## WHAT YOU ARE ASKED TO DO
The entries are to be output once more, word for word.

#### INPUT RECORDS

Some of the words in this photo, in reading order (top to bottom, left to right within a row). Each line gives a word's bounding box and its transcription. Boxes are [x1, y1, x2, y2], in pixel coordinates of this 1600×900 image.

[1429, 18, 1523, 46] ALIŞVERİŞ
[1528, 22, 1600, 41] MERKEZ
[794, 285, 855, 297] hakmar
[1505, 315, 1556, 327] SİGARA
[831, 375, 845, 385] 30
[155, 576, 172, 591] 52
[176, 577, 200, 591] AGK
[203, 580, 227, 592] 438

########

## REPLY TO THE TASK
Some of the words in this photo, in reading order (top to bottom, left to right within a row). Each line gives a word's bounding box and its transcription. Boxes are [x1, y1, x2, y2], in pixel coordinates of this 1600×900 image.

[1429, 18, 1523, 46] ALIŞVERİŞ
[1528, 22, 1600, 41] MERKEZ
[794, 285, 855, 297] hakmar
[1505, 315, 1556, 327] SİGARA
[831, 375, 845, 385] 30
[155, 576, 172, 591] 52
[176, 577, 200, 591] AGK
[203, 580, 227, 592] 438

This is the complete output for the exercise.